Scientists were "now seriously examining the issue of readjusting the launching time of the satellite for some reasons", the Korean Committee of Space Technology said in a statement carried by state media Sunday.
The committee gave no further details.
Analysts said technical problems or snow, rather than overseas political pressure, are likely to be behind the delay in what the North calls a satellite launch, originally scheduled for between December 10 and 22.
Some said the North's new leader, Kim Jong-Un, may have been rushing the blast-off in a bid to mark the first anniversary of the death of his father and ex-ruler Kim Jong-Il which falls on December 17.
The impoverished but nuclear-armed nation insists the long-range rocket launch -- its second this year after a much-hyped but botched mission in April -- is for peaceful scientific purposes.

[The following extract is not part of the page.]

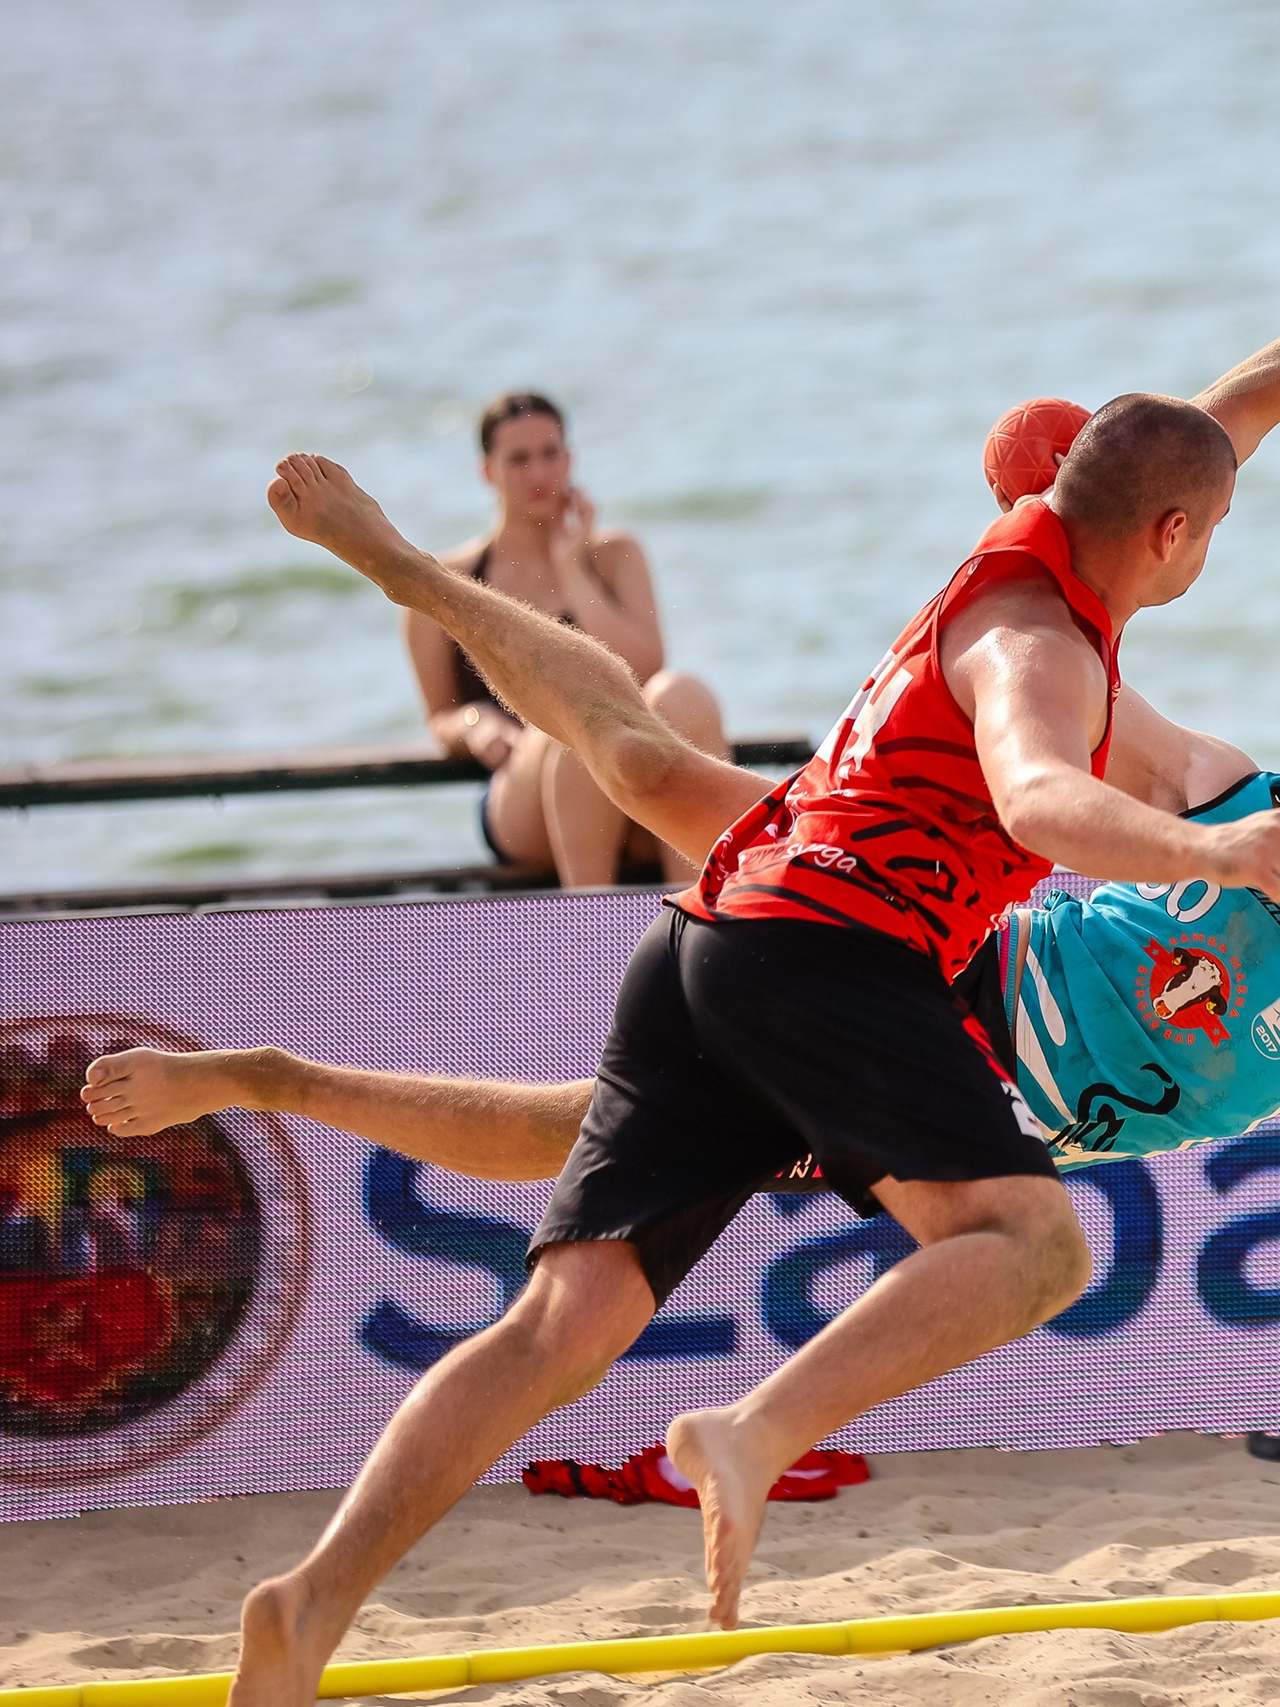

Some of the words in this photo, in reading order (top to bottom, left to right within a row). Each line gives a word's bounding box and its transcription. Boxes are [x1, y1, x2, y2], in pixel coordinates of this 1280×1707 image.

But the United States, and allies South Korea and Japan, say Pyongyang plans a disguised ballistic missile test that violates UN resolutions triggered by its two nuclear tests in 2006 and 2009.
"Sunday's announcement was only made by scientific authorities, meaning the most likely reason is either technical issues or weather conditions," said Jang Yong-Seok from the Institute for Peace and Unification Studies at Seoul National University.
A US think-tank, the US-Korea Institute at Johns Hopkins University, said Friday that preparations may have been delayed by heavy snow.
There had been "abnormal signs" indicating technical problems in launch preparations since Saturday afternoon, said South Korea's Yonhap news agency, citing an unidentified senior Seoul official.
"It looks like the problem is a technical one," said the official quoted by Yonhap.
Pyongyang has apparently "rushed too fast" to time the launch to mark the December 17 anniversary in a bid to drum up support for the young and inexperienced Jong-Un, said Yang Moo-Jin of Seoul's University of North Korean Studies.
"It showed how desperate and time-pressed the North was to showcase its scientific breakthrough to its people on the key anniversary and subsequently rally support for the new leader," Yang told AFP.
The North would have made the announcement of a potential delay via "a top party or military organ," instead of the space committee, if it was intended to be a concession to the international pressure, he added.
Another Seoul diplomatic source quoted by Yonhap also said it appeared "very difficult" for Pyongyang to carry out the launch as previously planned given the unusually cautious tone of its announcement.
Kim Jong-Un took over from his late father last December, the second father-to-son power transfer by the Kim dynasty that has ruled the isolated state with an iron fist for some 60 years.
Analysts said the December 10-22 launch window was twice as long as the period set before the failed April launch, reflecting the difficulties technicians may encounter in the harsh winter weather of the Korean peninsula.
Analysis of satellite imagery suggested preparations at the Sohae satellite launch station were proceeding "more slowly than previously reported", the US-Korea Institute said.
Washington and Seoul have urged Pyongyang to scrap the launch while Tokyo has postponed talks originally planned this week with North Korea.
UN diplomats inside and outside the Security Council have reportedly started consultations behind the scenes on what action to take if Pyongyang goes ahead.
Japan, the United States and South Korea have agreed to demand the UN Security Council strengthen sanctions on North Korea to levels that match those on Iran, Japan's Asahi Shimbun newspaper said.